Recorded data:
----------------------------------------
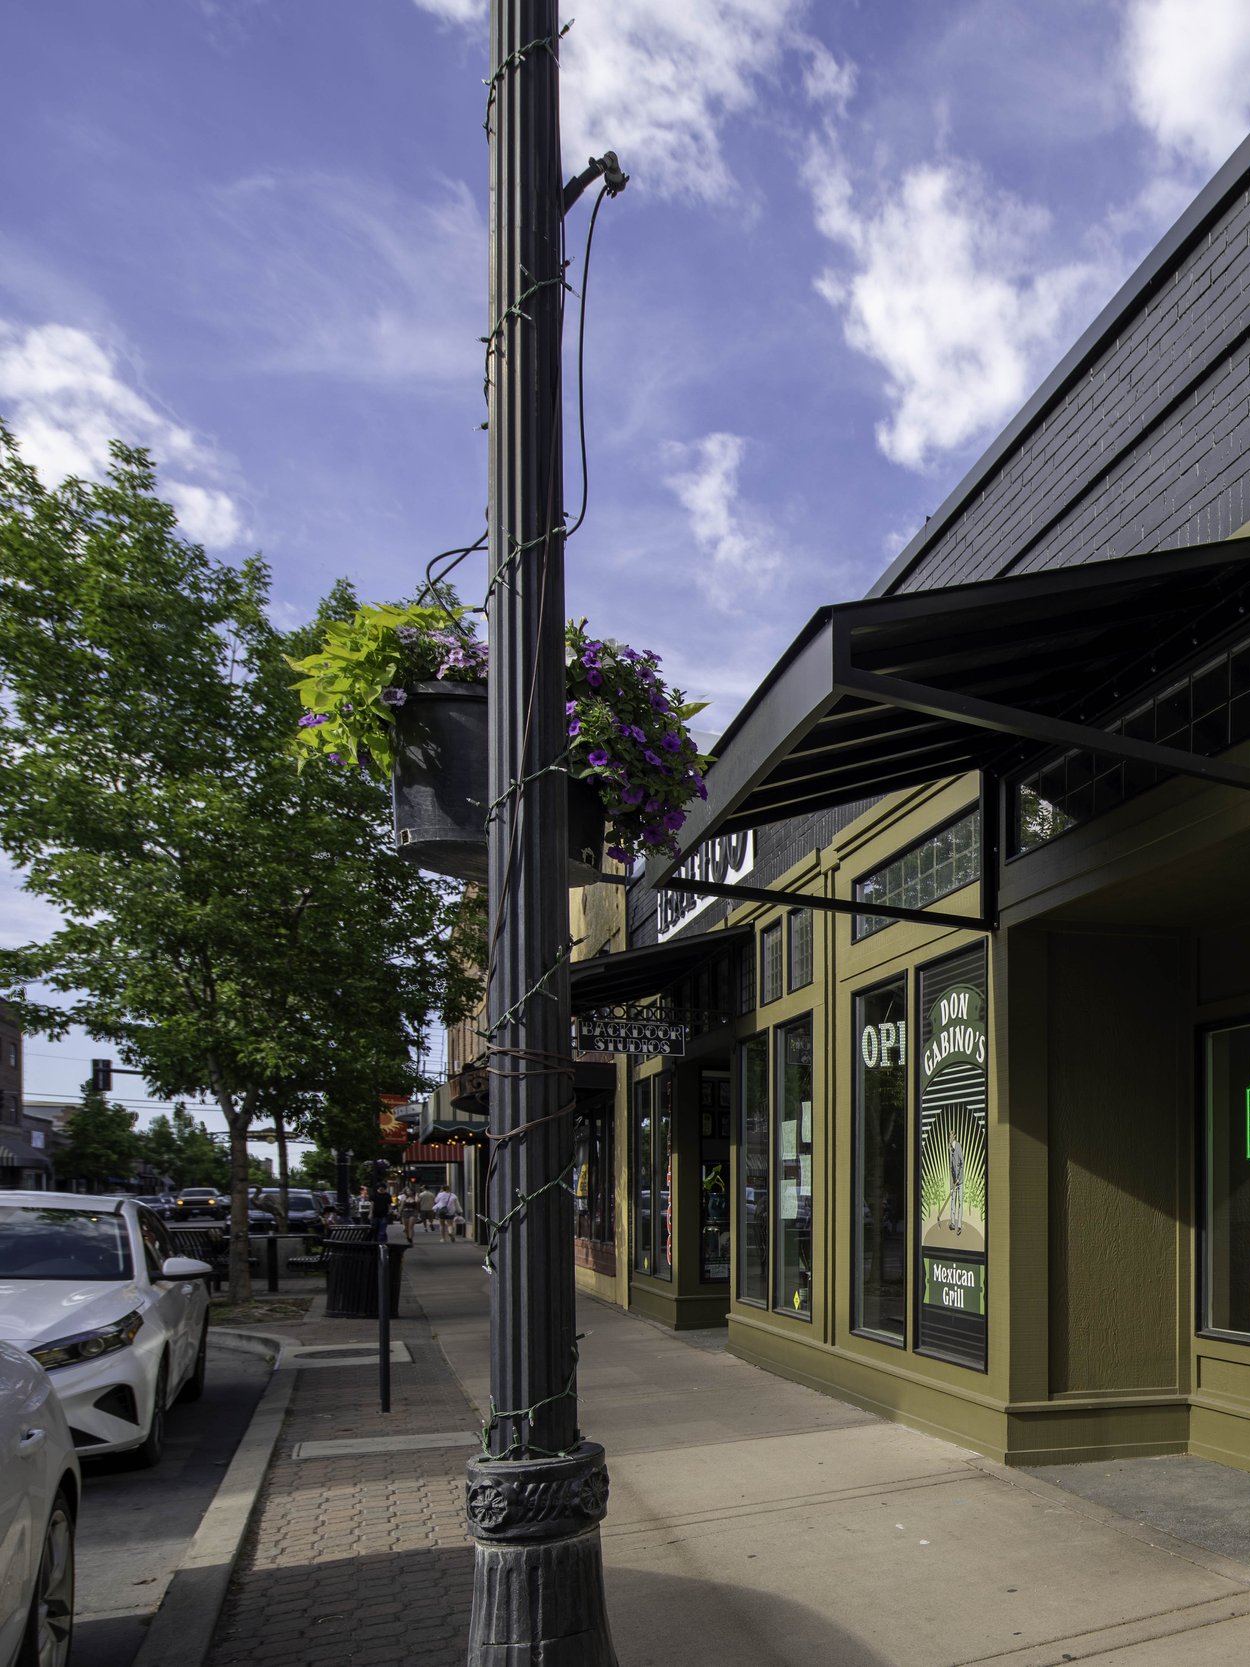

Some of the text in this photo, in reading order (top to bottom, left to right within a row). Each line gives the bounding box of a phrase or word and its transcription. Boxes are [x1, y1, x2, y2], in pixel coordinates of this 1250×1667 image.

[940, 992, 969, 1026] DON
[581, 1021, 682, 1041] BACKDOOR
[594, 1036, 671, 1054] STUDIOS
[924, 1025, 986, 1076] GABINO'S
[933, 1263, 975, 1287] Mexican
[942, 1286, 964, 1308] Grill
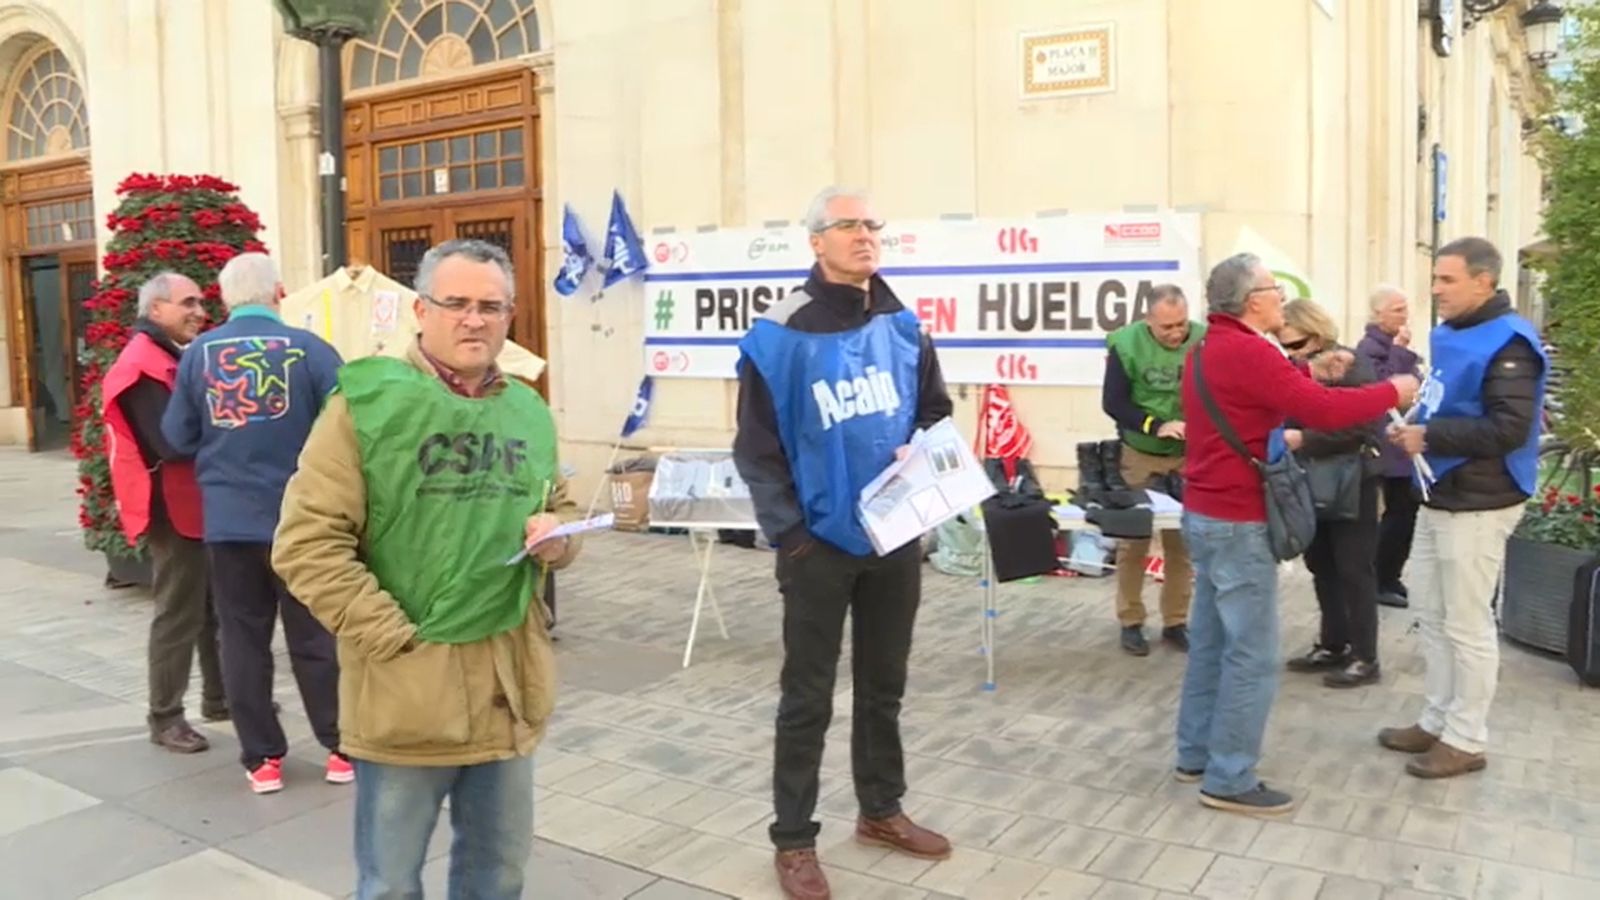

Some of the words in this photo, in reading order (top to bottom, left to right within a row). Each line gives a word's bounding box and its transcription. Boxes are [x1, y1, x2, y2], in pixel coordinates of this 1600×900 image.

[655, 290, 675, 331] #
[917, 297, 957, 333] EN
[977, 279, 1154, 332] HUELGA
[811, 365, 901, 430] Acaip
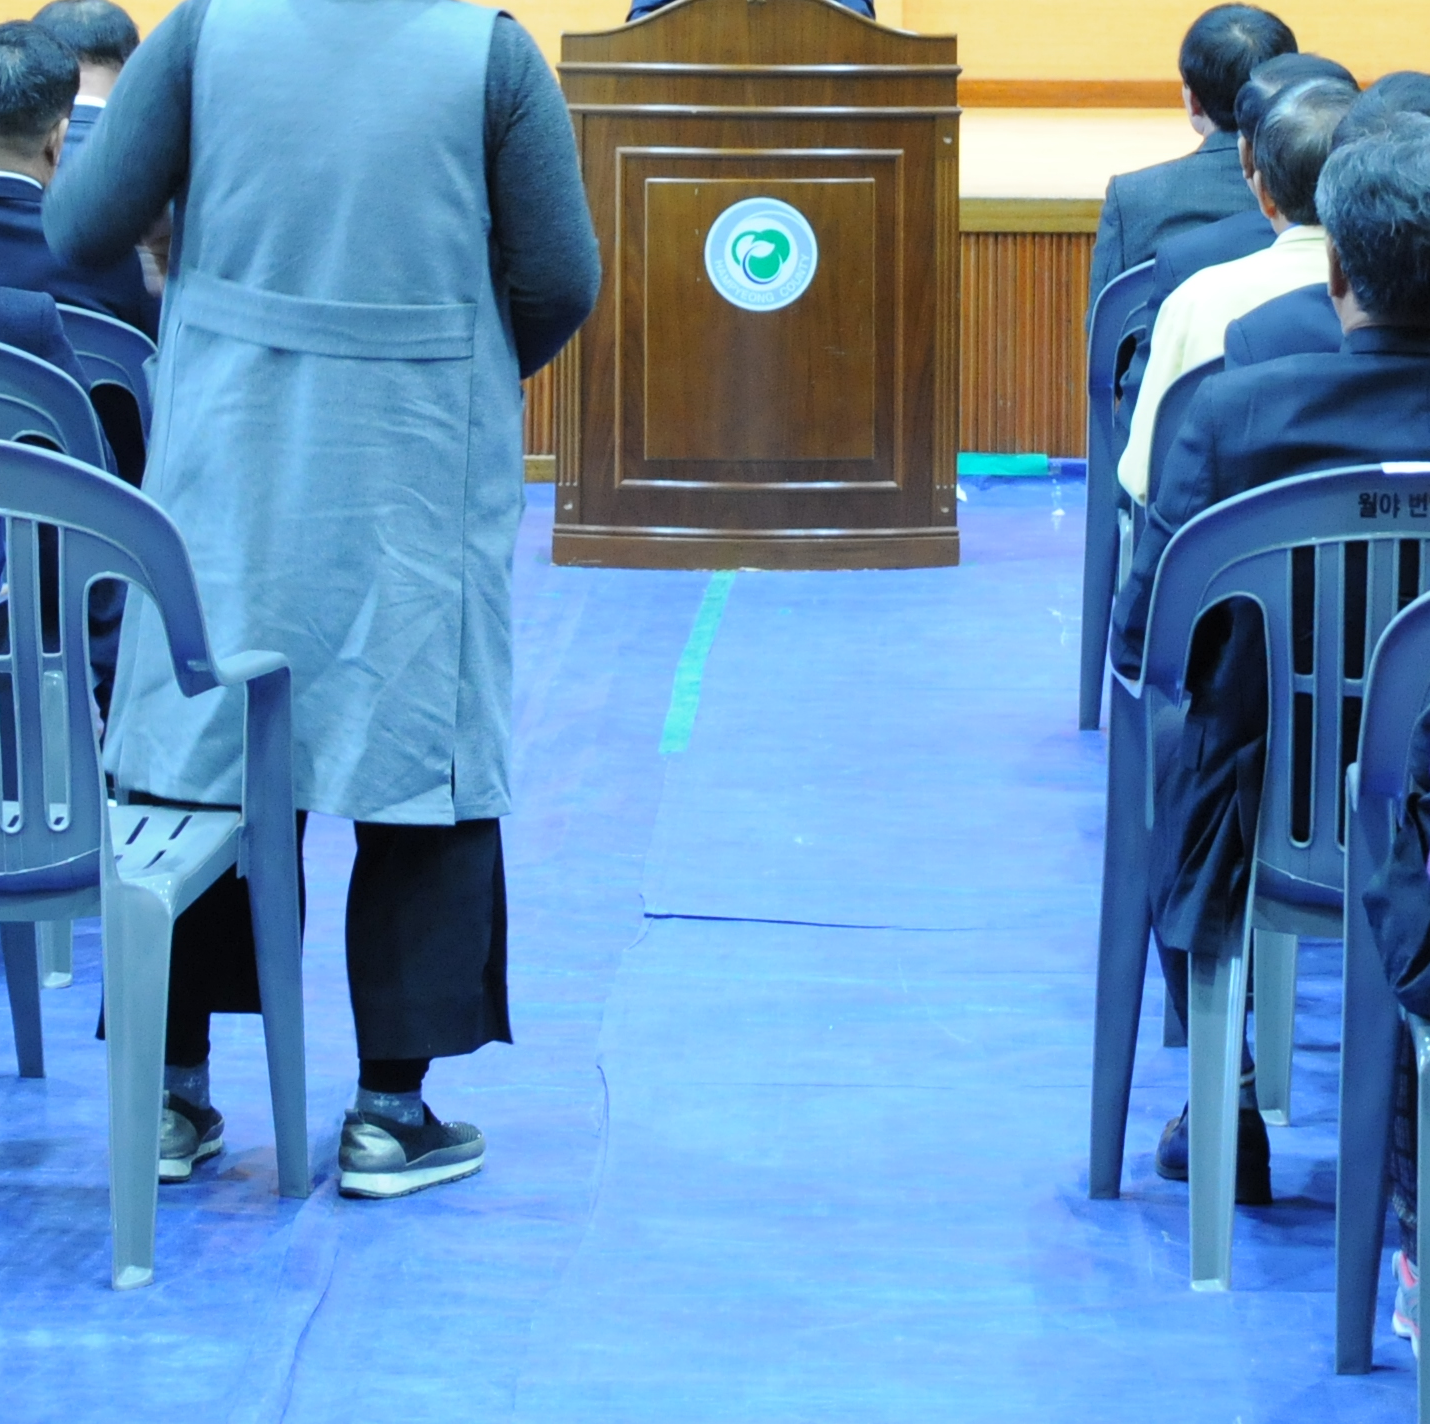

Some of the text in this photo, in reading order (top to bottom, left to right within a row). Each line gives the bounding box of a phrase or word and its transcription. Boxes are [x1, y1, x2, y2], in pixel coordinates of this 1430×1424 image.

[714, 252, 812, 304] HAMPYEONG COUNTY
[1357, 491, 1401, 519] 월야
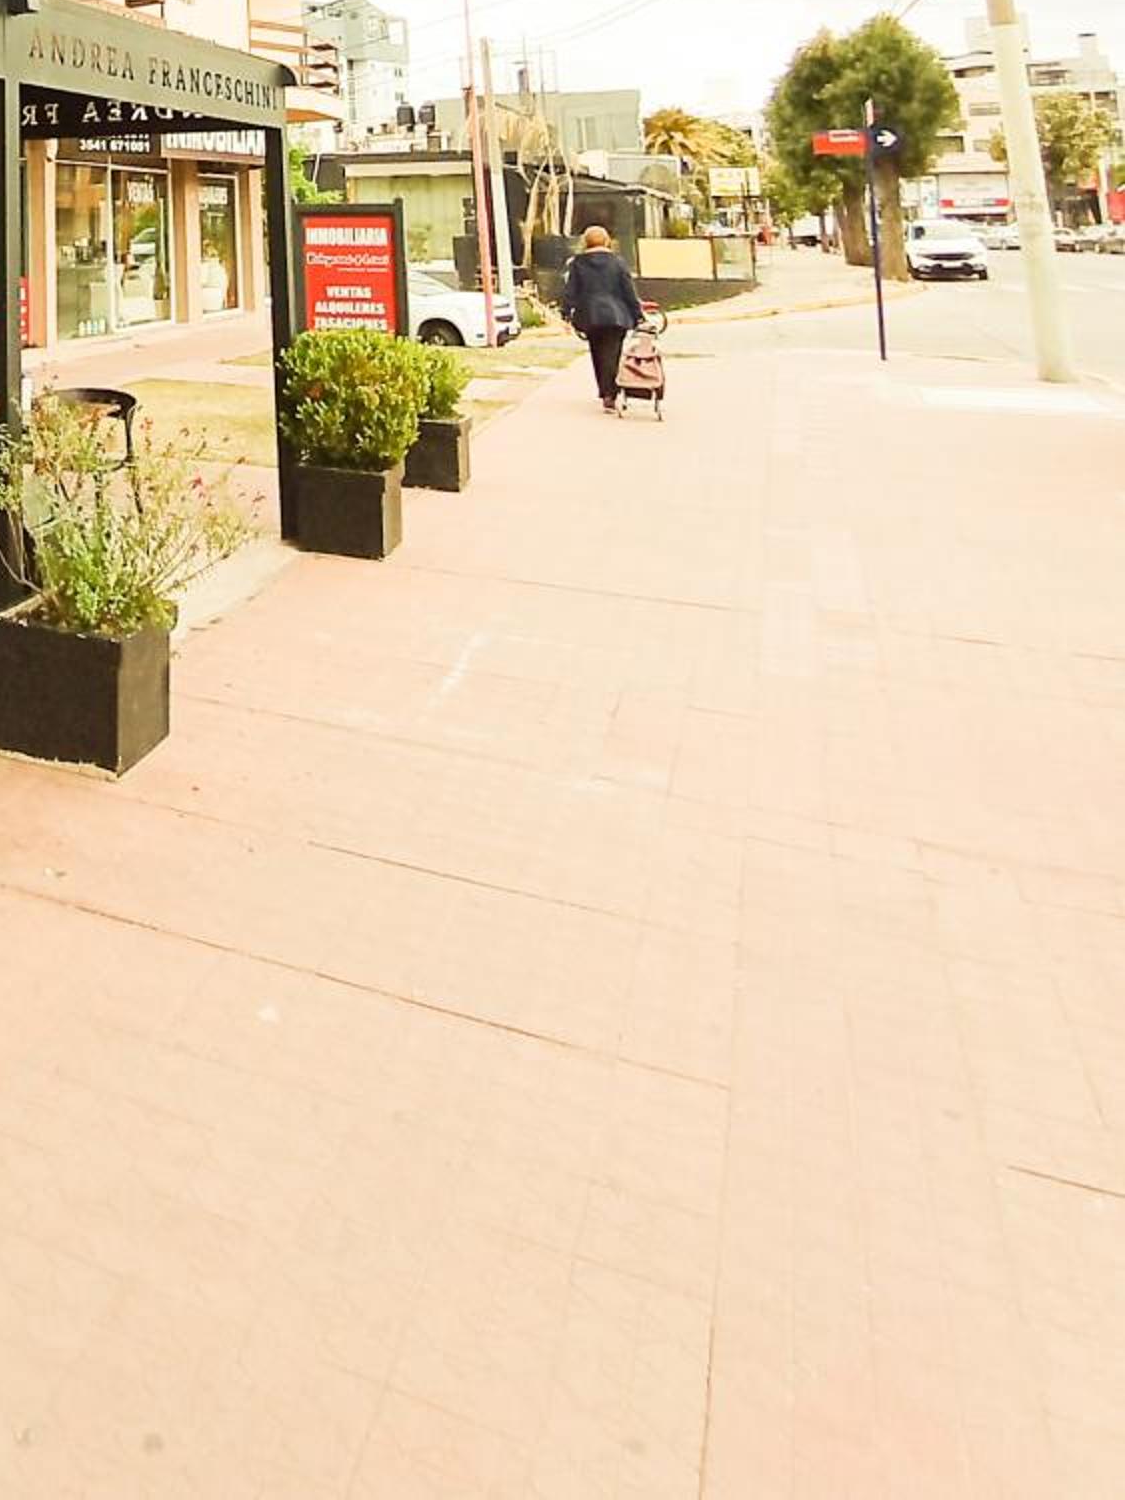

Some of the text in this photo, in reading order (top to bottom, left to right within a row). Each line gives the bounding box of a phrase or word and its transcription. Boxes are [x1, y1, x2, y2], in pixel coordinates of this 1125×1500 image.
----------------------------------------
Here the job is to print all the entries above exactly, minus the images.

- Exercise solution
Some of the text in this photo, in reading order (top to bottom, left to right within a row). Each line gives the bounding box of a phrase or word and its transcription. Boxes are [x1, y1, x2, y2], in pixel coordinates of this 1250×1667 image.

[940, 992, 969, 1026] DON
[581, 1021, 682, 1041] BACKDOOR
[594, 1036, 671, 1054] STUDIOS
[924, 1025, 986, 1076] GABINO'S
[933, 1263, 975, 1287] Mexican
[942, 1286, 964, 1308] Grill

Some of the words in this photo, in reading order (top to bottom, left to right within a row). Each line gives a word's bounding box and its transcription. Boxes are [x1, y1, x2, y2], in pixel coordinates of this 1600×900 image.

[655, 290, 675, 331] #
[917, 297, 957, 333] EN
[977, 279, 1154, 332] HUELGA
[811, 365, 901, 430] Acaip

Some of the text in this photo, in reading order (top to bottom, left to right within a row). Each line gives the bounding box of a phrase or word and its transcription. Boxes are [x1, y1, x2, y2], in pixel coordinates of this 1430×1424 image.

[714, 252, 812, 304] HAMPYEONG COUNTY
[1357, 491, 1401, 519] 월야

Some of the text in this photo, in reading order (top to bottom, left to right within a row). Each line gives the bounding box of a phrase or word and its transcription. Boxes are [x1, y1, x2, y2], in pixel coordinates of this 1125×1500 image.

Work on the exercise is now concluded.